• What is being asked: Which lines run from the one containing "this 1600×1728 image." to the end of the material below? Retype exactly those, both ends included, and nothing else.

• Dataset entries:
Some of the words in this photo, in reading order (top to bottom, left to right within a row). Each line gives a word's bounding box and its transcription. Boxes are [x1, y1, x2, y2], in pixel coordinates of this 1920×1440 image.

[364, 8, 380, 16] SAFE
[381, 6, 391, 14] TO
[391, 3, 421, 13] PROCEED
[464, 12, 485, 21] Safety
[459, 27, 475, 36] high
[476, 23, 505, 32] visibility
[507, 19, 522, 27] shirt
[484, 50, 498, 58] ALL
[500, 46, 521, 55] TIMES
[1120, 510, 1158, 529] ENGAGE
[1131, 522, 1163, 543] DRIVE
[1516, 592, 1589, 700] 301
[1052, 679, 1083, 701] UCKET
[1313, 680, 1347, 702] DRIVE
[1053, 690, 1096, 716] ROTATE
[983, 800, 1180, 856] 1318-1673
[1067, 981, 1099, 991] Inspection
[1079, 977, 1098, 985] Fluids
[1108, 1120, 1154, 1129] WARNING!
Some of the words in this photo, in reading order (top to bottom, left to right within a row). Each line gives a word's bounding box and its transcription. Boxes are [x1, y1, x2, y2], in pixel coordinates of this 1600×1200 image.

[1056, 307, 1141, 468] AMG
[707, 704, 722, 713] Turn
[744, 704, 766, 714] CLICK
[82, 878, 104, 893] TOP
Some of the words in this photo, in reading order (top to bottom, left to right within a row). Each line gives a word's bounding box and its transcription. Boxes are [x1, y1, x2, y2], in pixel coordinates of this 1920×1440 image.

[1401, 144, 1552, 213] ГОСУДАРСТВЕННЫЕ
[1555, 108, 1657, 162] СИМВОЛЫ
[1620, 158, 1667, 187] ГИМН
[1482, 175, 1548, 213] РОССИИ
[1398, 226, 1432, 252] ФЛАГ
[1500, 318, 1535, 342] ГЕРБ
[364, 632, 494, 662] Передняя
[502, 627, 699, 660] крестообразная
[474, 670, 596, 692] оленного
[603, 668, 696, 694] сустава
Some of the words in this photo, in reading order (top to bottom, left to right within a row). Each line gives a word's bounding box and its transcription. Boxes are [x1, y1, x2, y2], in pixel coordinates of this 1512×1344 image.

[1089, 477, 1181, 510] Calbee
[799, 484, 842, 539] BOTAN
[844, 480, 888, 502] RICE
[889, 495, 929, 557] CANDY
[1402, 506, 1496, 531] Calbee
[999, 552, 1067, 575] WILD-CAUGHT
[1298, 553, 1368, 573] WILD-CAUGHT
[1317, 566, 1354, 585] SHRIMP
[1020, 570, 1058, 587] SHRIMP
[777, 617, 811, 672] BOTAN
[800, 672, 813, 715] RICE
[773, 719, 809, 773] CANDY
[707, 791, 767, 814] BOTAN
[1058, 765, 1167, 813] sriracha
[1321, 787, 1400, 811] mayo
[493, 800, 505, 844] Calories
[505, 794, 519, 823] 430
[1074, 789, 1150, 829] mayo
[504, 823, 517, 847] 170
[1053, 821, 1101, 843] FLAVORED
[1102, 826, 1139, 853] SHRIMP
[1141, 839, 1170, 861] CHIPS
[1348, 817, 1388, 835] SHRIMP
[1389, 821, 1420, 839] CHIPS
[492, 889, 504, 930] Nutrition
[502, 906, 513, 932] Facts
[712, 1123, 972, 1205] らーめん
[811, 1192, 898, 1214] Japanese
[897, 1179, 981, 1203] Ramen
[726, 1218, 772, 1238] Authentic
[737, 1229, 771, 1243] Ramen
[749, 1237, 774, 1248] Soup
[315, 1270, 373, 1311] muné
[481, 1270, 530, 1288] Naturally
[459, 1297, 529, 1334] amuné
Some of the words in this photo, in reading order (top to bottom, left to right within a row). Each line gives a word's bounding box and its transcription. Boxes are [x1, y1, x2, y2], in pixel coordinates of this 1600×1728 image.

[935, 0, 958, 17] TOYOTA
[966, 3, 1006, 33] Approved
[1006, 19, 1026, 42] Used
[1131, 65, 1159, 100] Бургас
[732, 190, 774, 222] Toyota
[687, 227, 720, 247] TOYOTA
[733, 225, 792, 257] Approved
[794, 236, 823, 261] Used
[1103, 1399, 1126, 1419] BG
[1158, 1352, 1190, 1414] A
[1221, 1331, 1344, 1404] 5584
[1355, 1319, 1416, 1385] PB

• Problem solution:
Some of the words in this photo, in reading order (top to bottom, left to right within a row). Each line gives a word's bounding box and its transcription. Boxes are [x1, y1, x2, y2], in pixel coordinates of this 1600×1728 image.

[935, 0, 958, 17] TOYOTA
[966, 3, 1006, 33] Approved
[1006, 19, 1026, 42] Used
[1131, 65, 1159, 100] Бургас
[732, 190, 774, 222] Toyota
[687, 227, 720, 247] TOYOTA
[733, 225, 792, 257] Approved
[794, 236, 823, 261] Used
[1103, 1399, 1126, 1419] BG
[1158, 1352, 1190, 1414] A
[1221, 1331, 1344, 1404] 5584
[1355, 1319, 1416, 1385] PB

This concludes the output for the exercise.